# YIKES huge nitrate WTF



## Fido (May 21, 2003)

160ppm nitrate OUCH. What is doing this? How do I fix it?


----------



## 33truballa33 (Oct 18, 2004)

are u sure u were fully cycle?? because i think a nitrate spike is part of the ending of a cycle. if u havent already id suggest adding some salt to relieve nitrate poisoning to ur fish. do u have any plants in the tank??


----------



## Dr. Giggles (Oct 18, 2003)

33truballa33 said:


> are u sure u were fully cycle?? because i think a nitrate spike is part of the ending of a cycle. if u havent already id suggest adding some salt to relieve nitrate poisoning to ur fish. do u have any plants in the tank??
> [snapback]807685[/snapback]​


Salt is used to relieve nitrite poisoning not nitrate. Just increase your water change schedule. Once nitrates are this high it can be a little pain even with little water changes daily depending on your current bioload. if you can match the ph and temperature out of tap to match your aquarium, do a 50% change and retest. Otherwise best to just do a 30% change daily until your nitrates are under control.Don't forget the dechlor if your water is treated for chlorine and chloramines. Good luck.


----------



## Fido (May 21, 2003)

sh*t I will do a 50% change right now. I know my tank is cycled btw. Time to get the bucket and gravel vac haha.


----------



## illnino (Mar 6, 2004)

50% may be too much...


----------



## Dr. Giggles (Oct 18, 2003)

Filo said:


> sh*t I will do a 50% change right now. I know my tank is cycled btw. Time to get the bucket and gravel vac haha.
> [snapback]808126[/snapback]​


Like I said only if you can match th ph and temp...you don't want to shock your fish...


----------



## Fido (May 21, 2003)

...ok...i cant match ph, i can match temp though...ill just do 15% every other day.


----------



## Dr. Giggles (Oct 18, 2003)

I would do 20% daily until you have caught up with the bioload...You have alot little fish in that tank in your sig peeing and pooping...Good luck...Let me know how you made out..


----------



## 33truballa33 (Oct 18, 2004)

haha thats the first time ive ever seen fish peeing mentioned haha sorry


----------



## shutter13 (Jun 23, 2004)

15-20% daily sounds right.... like jerry said once they are that high they are a biotch to get under control....

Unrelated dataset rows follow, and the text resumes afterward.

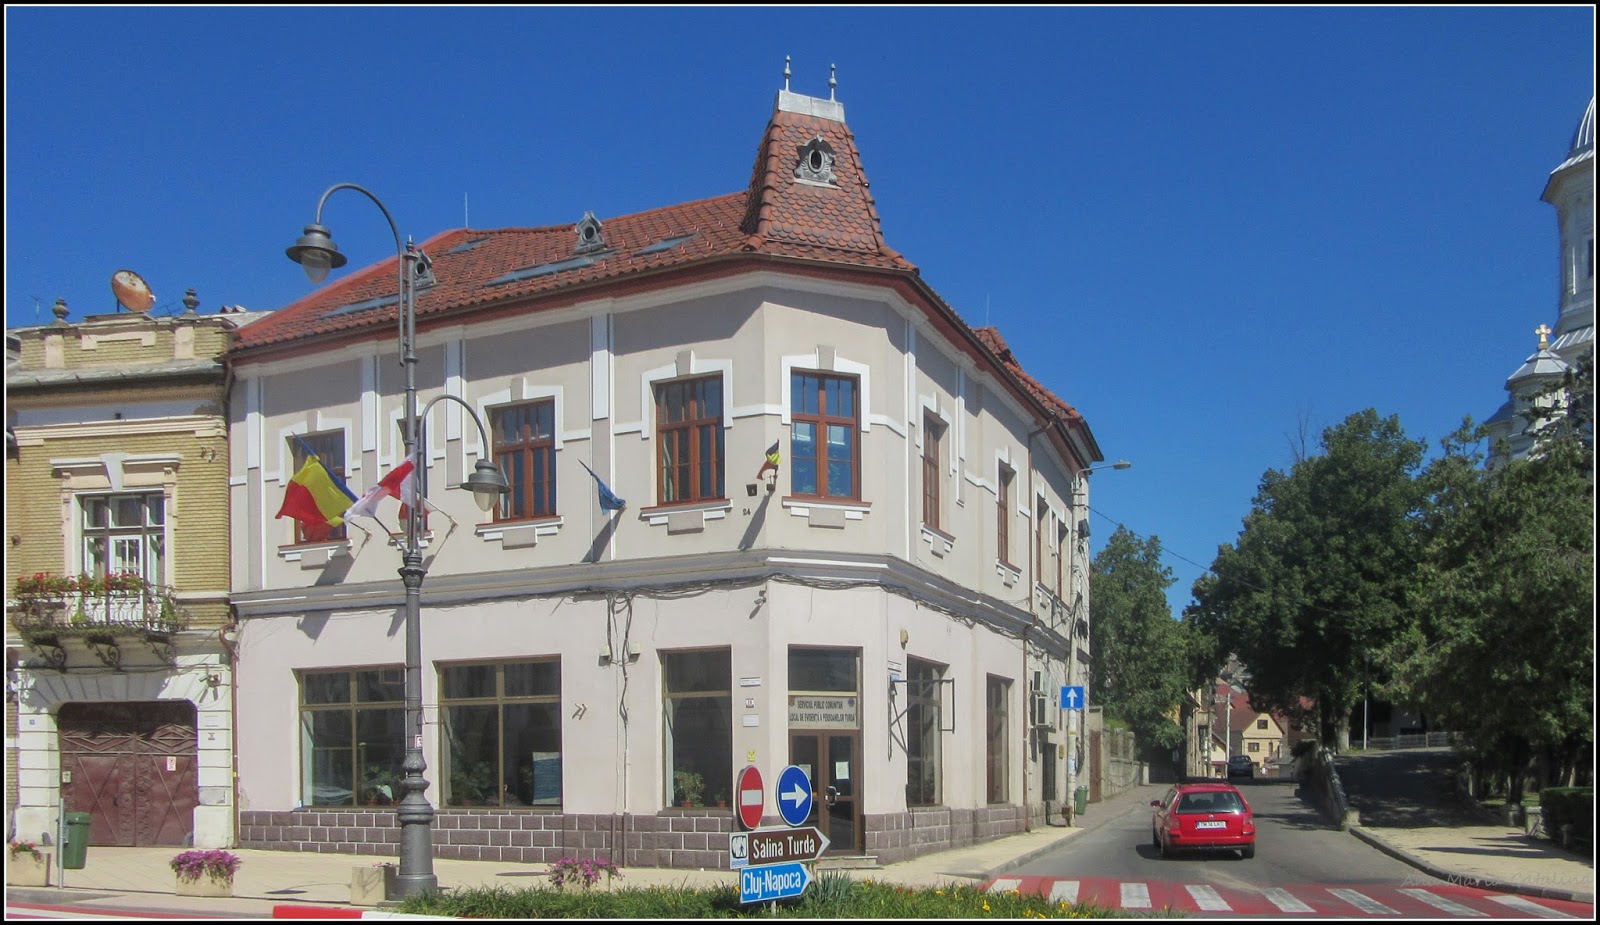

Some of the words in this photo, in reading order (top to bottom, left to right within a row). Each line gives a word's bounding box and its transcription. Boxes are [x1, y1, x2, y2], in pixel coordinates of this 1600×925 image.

[797, 700, 813, 709] SERVICIUL
[813, 700, 824, 709] PUBLIC
[789, 713, 799, 722] LOCAL
[752, 837, 784, 859] Salina
[787, 834, 815, 856] Turda
[742, 869, 801, 899] Cluj-Napoca

also look for any rotting food in the tank just incase


----------



## blantwon (Oct 20, 2004)

i had a spike like that in my 29 for no apparent reason once. i just did 20-25% water changes every day and it was back under control in about a week. plants help keep nitrates down, so i would get some if you dont have any.


----------



## Fido (May 21, 2003)

Just finished a 20% water change. Nitrates are at about 40-80 ppm. a lot less than before BUT still very high! My fish are fine though, so I don't know if they care or not.


----------



## SpAzZy (Mar 30, 2004)

you do have a lot of fish in the 32g tank. although your fish may be small at this point, there are a lot of them compressed into that tank. although they are supposed to max out at 3".. i have seen one that was probably a little bigger than 4", he was definitly bigger than my irritan (which is 3.5") and he was being sold for $10. red devils also get very big and will not be able to live in a 32g alone.. especially not with 10 other fish in the tank.. it is not a suprise that your nitrates have reached that level. to successfully overstock, try to do AT LEAST two water changes a week to keep your nitrates down. like someone else stated, plants also decrease nitrates, but in a cichlid tank, i would suggest it.. they like to redecorate their tanks often..


----------